▶ [What you have to do]: A full, word-for-word copy of the listing below is needed; leave the images out of it.

▶ [Listed entries]:
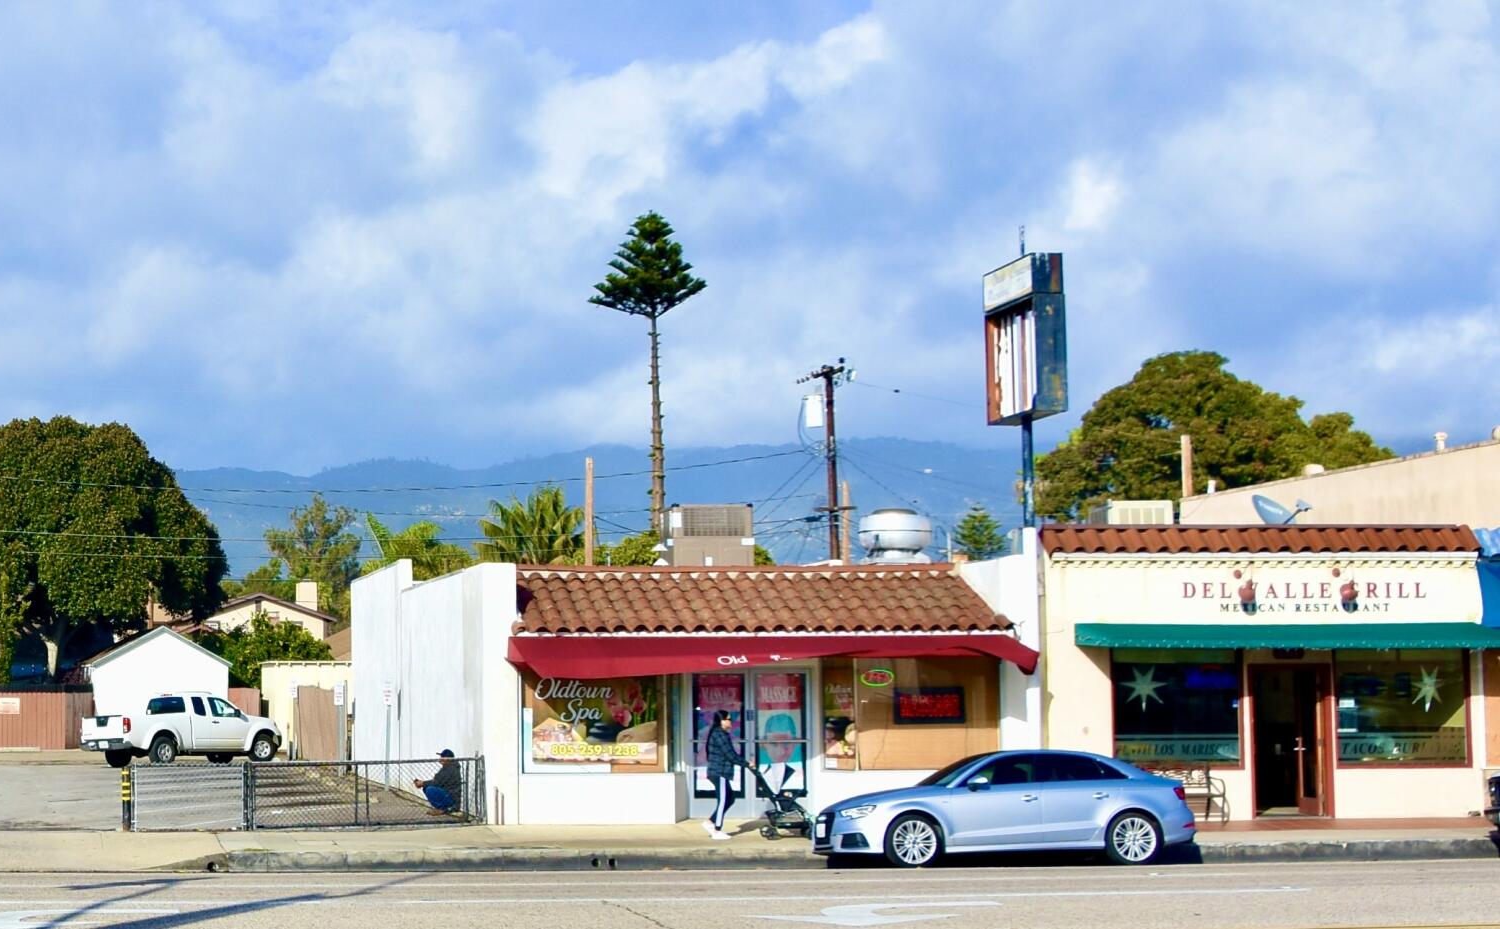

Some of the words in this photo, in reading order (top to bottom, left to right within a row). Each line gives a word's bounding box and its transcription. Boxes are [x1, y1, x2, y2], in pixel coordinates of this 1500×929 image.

[1182, 582, 1232, 599] DEL
[1343, 582, 1427, 599] RILL
[717, 656, 748, 665] Old
[534, 677, 614, 700] Oldtown
[760, 686, 797, 702] MASSAGE
[560, 698, 604, 727] Spa
[1342, 742, 1385, 754] TACOS
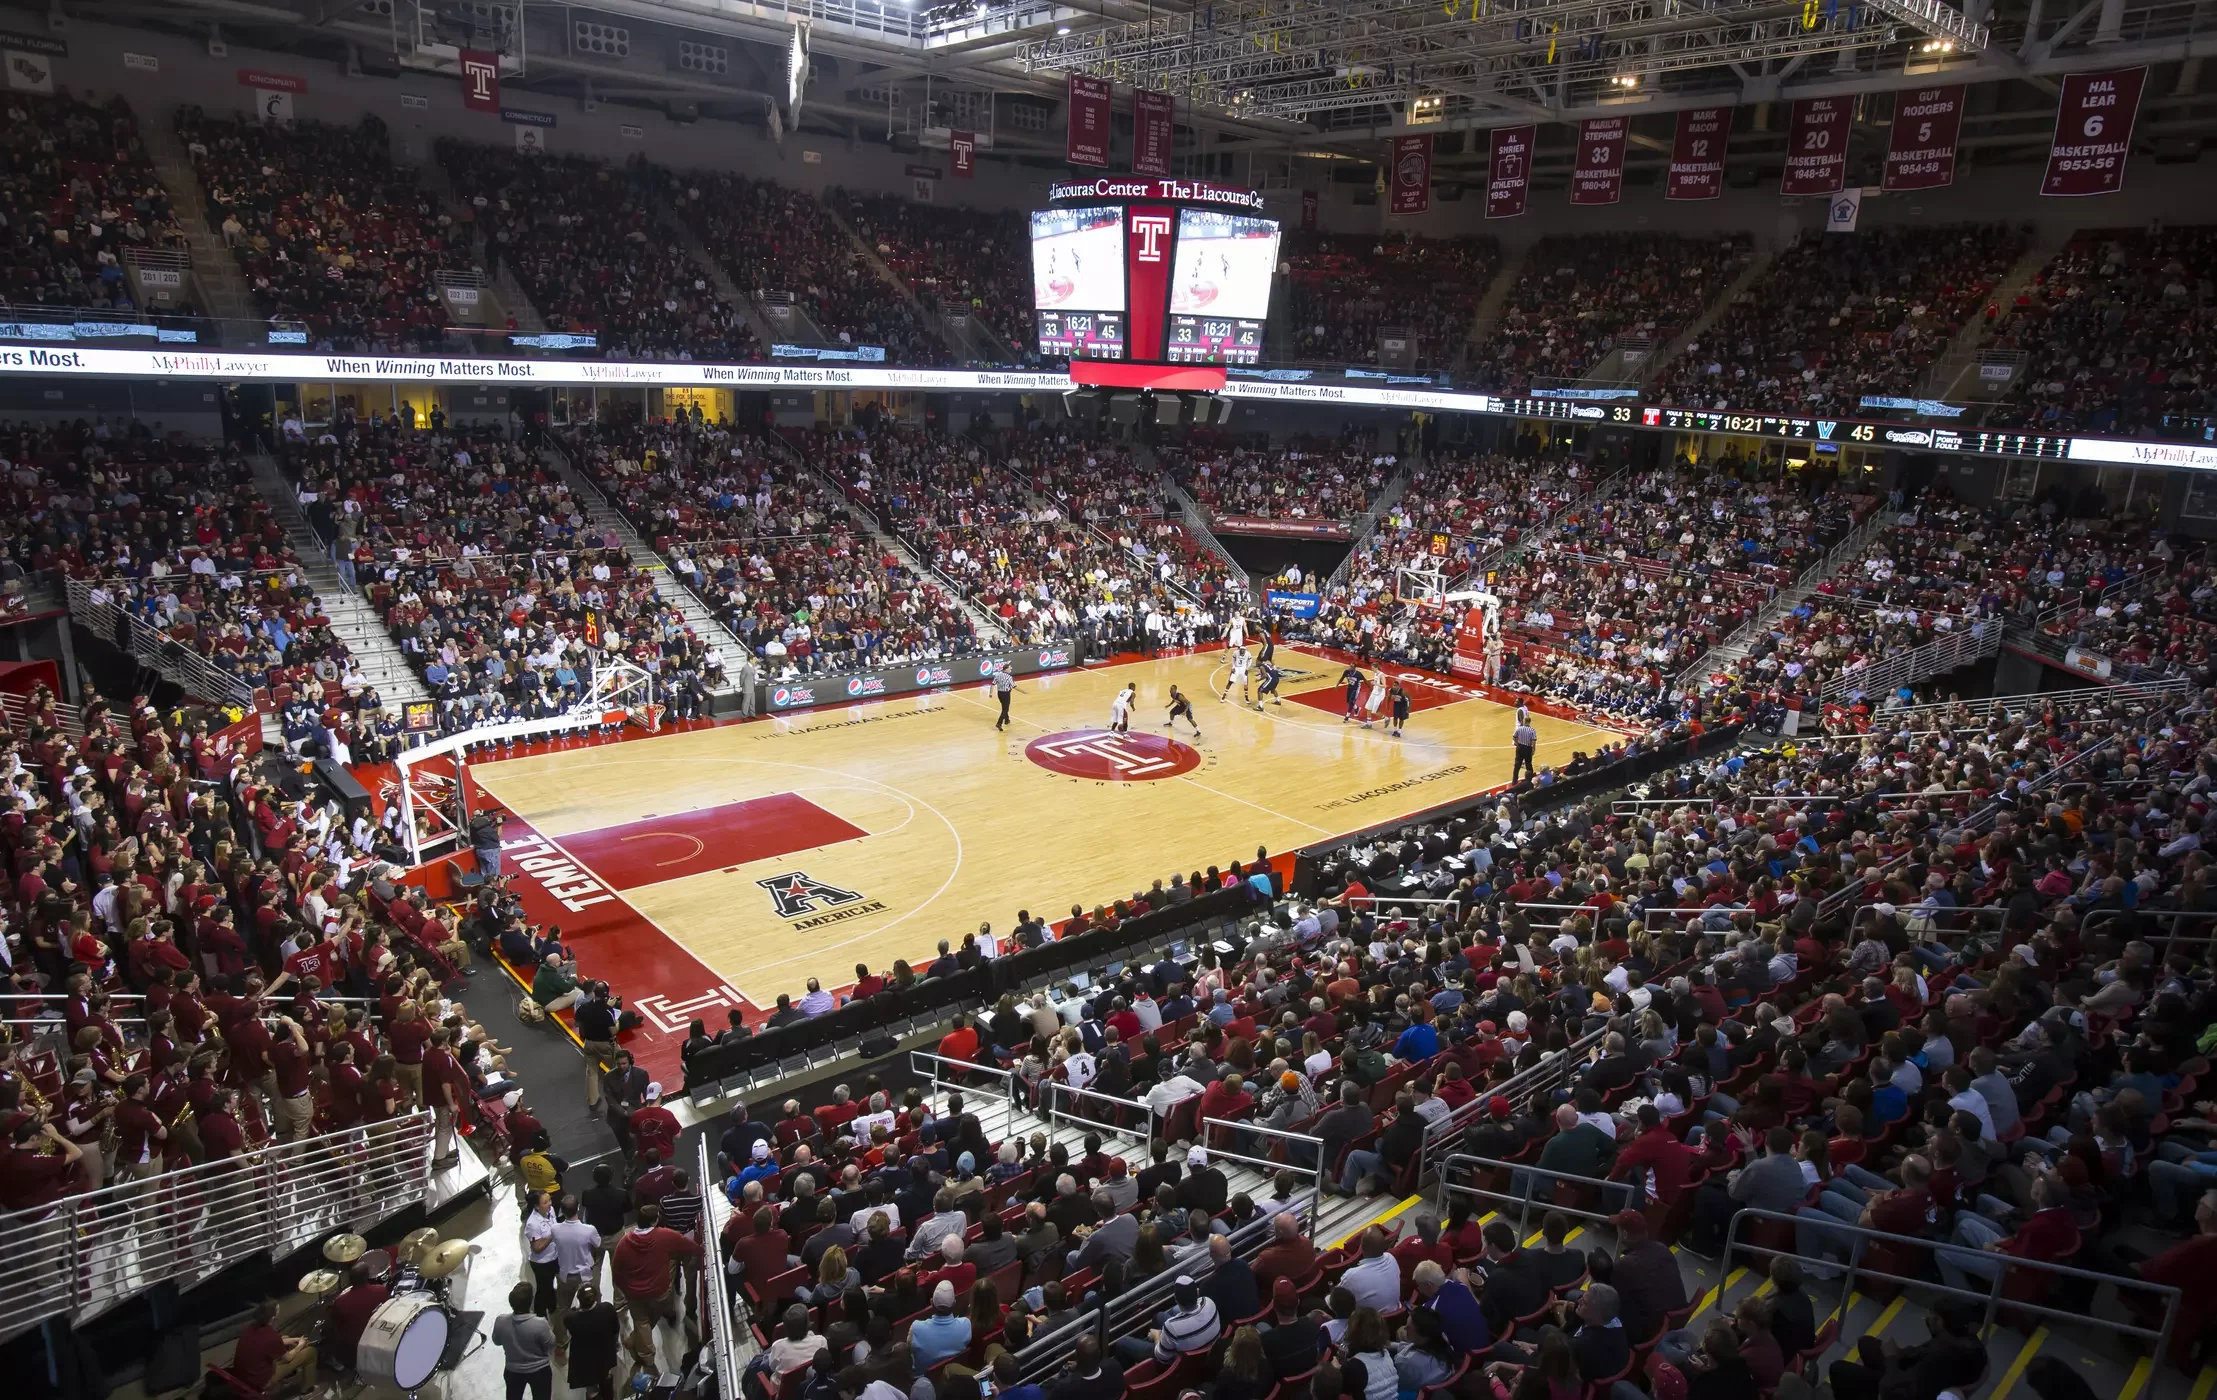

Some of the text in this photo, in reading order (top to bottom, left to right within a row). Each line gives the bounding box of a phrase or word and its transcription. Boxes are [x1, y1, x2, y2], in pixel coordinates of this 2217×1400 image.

[249, 74, 297, 88] CINCINNATI
[2088, 80, 2115, 93] HAL
[1918, 90, 1941, 102] GUY
[2081, 94, 2117, 108] LEAR
[1812, 100, 1833, 111] BILL
[1903, 101, 1954, 116] RODGERS
[505, 111, 553, 124] CONNECTICUT
[1692, 110, 1717, 121] MARK
[1804, 112, 1837, 124] MLKVY
[1589, 119, 1621, 130] MARILYN
[1688, 123, 1718, 133] MACON
[2083, 115, 2105, 137] 6
[1585, 130, 1623, 141] STEPHENS
[1918, 122, 1932, 142] 5
[1508, 135, 1518, 143] AL
[1804, 130, 1830, 149] 20
[1401, 143, 1423, 151] CHANEY
[1498, 144, 1525, 155] SHRIER
[1691, 140, 1709, 157] 12
[2052, 141, 2126, 157] BASKETBALL
[1072, 152, 1104, 164] BASKETBALL
[1591, 146, 1610, 163] 33
[1788, 153, 1844, 166] BASKETBALL
[1889, 147, 1953, 161] BASKETBALL
[1671, 161, 1722, 173] BASKETBALL
[1899, 162, 1939, 175] 1954-58
[2058, 157, 2116, 171] 1953-56
[1575, 168, 1620, 179] BASKETBALL
[1794, 167, 1831, 179] 1948-52
[1491, 179, 1525, 190] ATHLETICS
[1581, 180, 1611, 190] 1980-84
[1680, 175, 1711, 185] 1987-91
[1052, 179, 1250, 206] Liacouras Center The Liacouras
[163, 273, 178, 283] 202
[1045, 323, 1058, 336] 33
[1066, 316, 1092, 330] 16:21
[1203, 322, 1231, 337] 16:21
[1101, 325, 1116, 339] 45
[1177, 328, 1192, 342] 33
[1240, 332, 1254, 345] 45
[30, 350, 86, 367] Most.
[152, 355, 269, 374] MyPhillyLawyer
[327, 359, 535, 377] When Winning Matters Most.
[703, 367, 853, 382] When Winning Matters Most.
[977, 374, 1001, 384] When
[1003, 375, 1036, 387] Winning
[1038, 376, 1069, 386] Matters
[1238, 382, 1346, 399] Winning Matters Most.
[1613, 407, 1631, 422] 33
[1669, 417, 1718, 430] 2 3 2
[1723, 416, 1763, 432] 16:21
[1791, 419, 1810, 427] FOULS
[1778, 426, 1804, 437] 4 2
[1851, 425, 1874, 441] 45
[1935, 442, 1959, 450] FOULS
[1936, 436, 1963, 445] POINTS
[2132, 445, 2217, 464] MyPhillyLaw
[1432, 543, 1446, 554] 27
[1289, 598, 1315, 606] SPORTS
[587, 623, 597, 646] 27
[1052, 652, 1069, 662] MAX
[930, 669, 951, 681] MAX
[863, 679, 885, 690] MAX
[1398, 673, 1490, 697] OWLS
[790, 689, 814, 701] MAX
[412, 714, 428, 727] 27
[753, 705, 948, 742] THE LIACOURAS CENTER
[1313, 765, 1473, 812] THE LIACOURAS CENTER
[500, 834, 616, 913] TEMPLE
[792, 901, 888, 931] AMERICAN
[301, 957, 320, 974] 13
[1081, 1061, 1090, 1076] 4
[526, 1161, 543, 1171] CSC

▶ [Output]:
Some of the words in this photo, in reading order (top to bottom, left to right within a row). Each line gives a word's bounding box and its transcription. Boxes are [x1, y1, x2, y2], in pixel coordinates of this 1500×929 image.

[1182, 582, 1232, 599] DEL
[1343, 582, 1427, 599] RILL
[717, 656, 748, 665] Old
[534, 677, 614, 700] Oldtown
[760, 686, 797, 702] MASSAGE
[560, 698, 604, 727] Spa
[1342, 742, 1385, 754] TACOS

Some of the text in this photo, in reading order (top to bottom, left to right within a row). Each line gives the bounding box of a phrase or word and its transcription. Boxes are [x1, y1, x2, y2], in pixel coordinates of this 2217×1400 image.

[249, 74, 297, 88] CINCINNATI
[2088, 80, 2115, 93] HAL
[1918, 90, 1941, 102] GUY
[2081, 94, 2117, 108] LEAR
[1812, 100, 1833, 111] BILL
[1903, 101, 1954, 116] RODGERS
[505, 111, 553, 124] CONNECTICUT
[1692, 110, 1717, 121] MARK
[1804, 112, 1837, 124] MLKVY
[1589, 119, 1621, 130] MARILYN
[1688, 123, 1718, 133] MACON
[2083, 115, 2105, 137] 6
[1585, 130, 1623, 141] STEPHENS
[1918, 122, 1932, 142] 5
[1508, 135, 1518, 143] AL
[1804, 130, 1830, 149] 20
[1401, 143, 1423, 151] CHANEY
[1498, 144, 1525, 155] SHRIER
[1691, 140, 1709, 157] 12
[2052, 141, 2126, 157] BASKETBALL
[1072, 152, 1104, 164] BASKETBALL
[1591, 146, 1610, 163] 33
[1788, 153, 1844, 166] BASKETBALL
[1889, 147, 1953, 161] BASKETBALL
[1671, 161, 1722, 173] BASKETBALL
[1899, 162, 1939, 175] 1954-58
[2058, 157, 2116, 171] 1953-56
[1575, 168, 1620, 179] BASKETBALL
[1794, 167, 1831, 179] 1948-52
[1491, 179, 1525, 190] ATHLETICS
[1581, 180, 1611, 190] 1980-84
[1680, 175, 1711, 185] 1987-91
[1052, 179, 1250, 206] Liacouras Center The Liacouras
[163, 273, 178, 283] 202
[1045, 323, 1058, 336] 33
[1066, 316, 1092, 330] 16:21
[1203, 322, 1231, 337] 16:21
[1101, 325, 1116, 339] 45
[1177, 328, 1192, 342] 33
[1240, 332, 1254, 345] 45
[30, 350, 86, 367] Most.
[152, 355, 269, 374] MyPhillyLawyer
[327, 359, 535, 377] When Winning Matters Most.
[703, 367, 853, 382] When Winning Matters Most.
[977, 374, 1001, 384] When
[1003, 375, 1036, 387] Winning
[1038, 376, 1069, 386] Matters
[1238, 382, 1346, 399] Winning Matters Most.
[1613, 407, 1631, 422] 33
[1669, 417, 1718, 430] 2 3 2
[1723, 416, 1763, 432] 16:21
[1791, 419, 1810, 427] FOULS
[1778, 426, 1804, 437] 4 2
[1851, 425, 1874, 441] 45
[1935, 442, 1959, 450] FOULS
[1936, 436, 1963, 445] POINTS
[2132, 445, 2217, 464] MyPhillyLaw
[1432, 543, 1446, 554] 27
[1289, 598, 1315, 606] SPORTS
[587, 623, 597, 646] 27
[1052, 652, 1069, 662] MAX
[930, 669, 951, 681] MAX
[863, 679, 885, 690] MAX
[1398, 673, 1490, 697] OWLS
[790, 689, 814, 701] MAX
[412, 714, 428, 727] 27
[753, 705, 948, 742] THE LIACOURAS CENTER
[1313, 765, 1473, 812] THE LIACOURAS CENTER
[500, 834, 616, 913] TEMPLE
[792, 901, 888, 931] AMERICAN
[301, 957, 320, 974] 13
[1081, 1061, 1090, 1076] 4
[526, 1161, 543, 1171] CSC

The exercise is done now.